In 2013, the artist won the Grand Prix at the contest exhibition organised by Meno Niša Gallery, entitling him to hold a solo exhibition in the Gallery in 2014. Backed into a corner, the artist had to launch his exhibition GRAND FREE at the Meno Niša Gallery.
Although usually working with Mari Relo-Šaulys, this time he is presenting his solo works.
Many people think artists’ freedom is enviable. They can do what they like, be masters of their time, and make money doing it. They can become a guru of masses by spreading in the mass media their smart thoughts that are often enigmatic and understandable by a few people. So, they can afford being wise, free, and stylish…
The truth is that Adolfas Šaulys does enjoy the privileges of an artist. He enjoys the freedom of not working during the usual working hours; the freedom of having no bosses; the freedom to choose a place of living and working, time for vacation and work; also, the freedom of having no social guarantees and pension; the freedom of doing whatever he wants without being fined or paid for that; the freedom to speak or keep silent.
All those mentioned and not-mentioned freedoms once resulted in a spatial installation, comprised of a deconstructed, phantom chair, old saw aspiring to build “a new order of the ages” (novus ordo seclorum), and lots of noodles pretending of jewellery items.
The chairs are not the ones we are all seeking for and enviously calling “soft-job chairs”, but rather those free artists usually get. Still want to be in their shoes?
Noodles are exactly what they are hanging on our ears: propaganda and commercials (unexpectedly, the former have recently become more relevant, although the latter have not disappeared, too). It’s up to us to keep or refuse wearing these noodles. Or, we can wear them while looking at others tauntingly, pretending that we know everything better.

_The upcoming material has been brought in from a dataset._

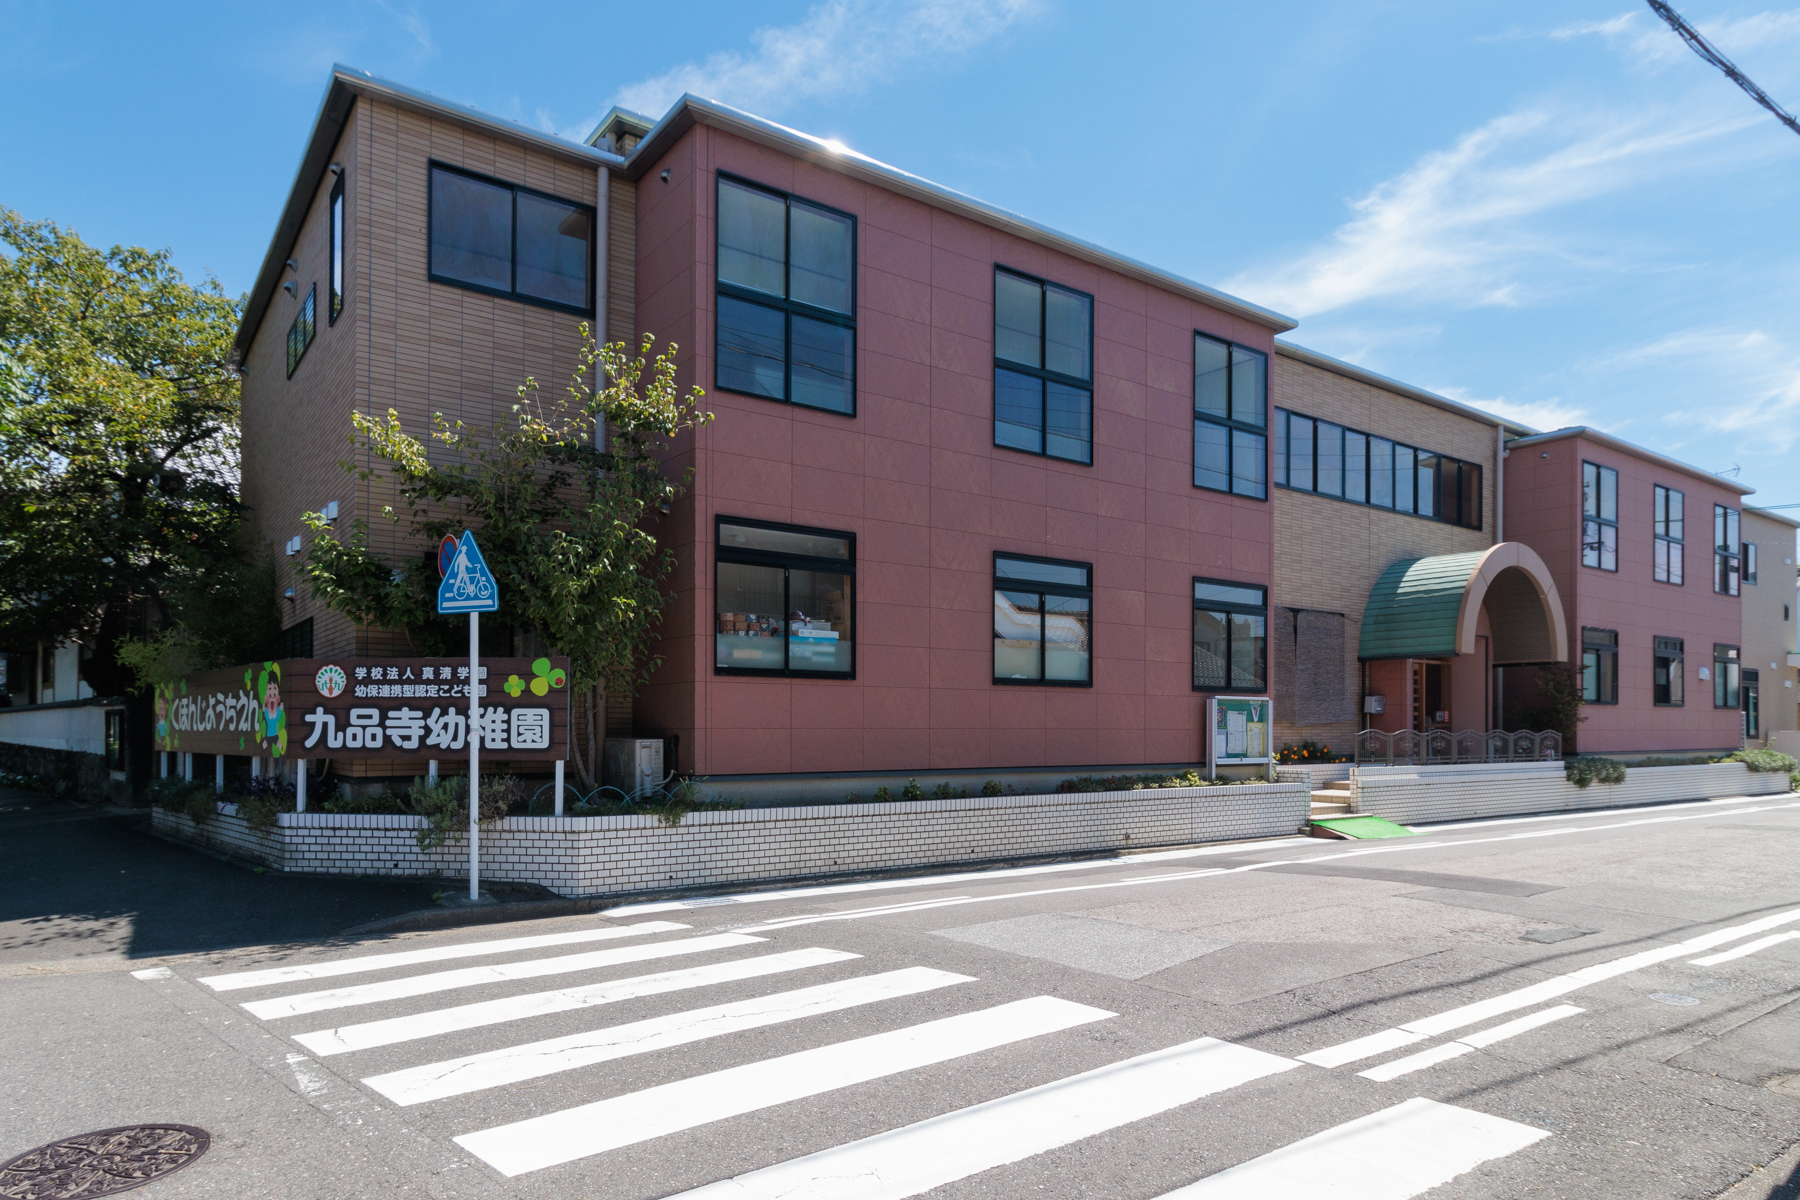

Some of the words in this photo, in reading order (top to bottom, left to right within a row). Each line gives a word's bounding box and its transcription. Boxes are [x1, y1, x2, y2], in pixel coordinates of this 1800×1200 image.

[354, 684, 487, 697] 幼保連携型認定こども園
[304, 707, 550, 750] 九品寺幼稚園

The saw claims to be an art item and a masons’ tool, proclaiming the coming of the new ages. Yet, a short look is enough to see rust and to understand that the promoted new order for the new ages in fact is an old one.
OK. And what should all that mean?
According to the author, “the less you know about art and artists, the healthier you are”.
We have to think ourselves. Everyone has the freedom of thought, not just artists. GRAND FREE – in one single gallery.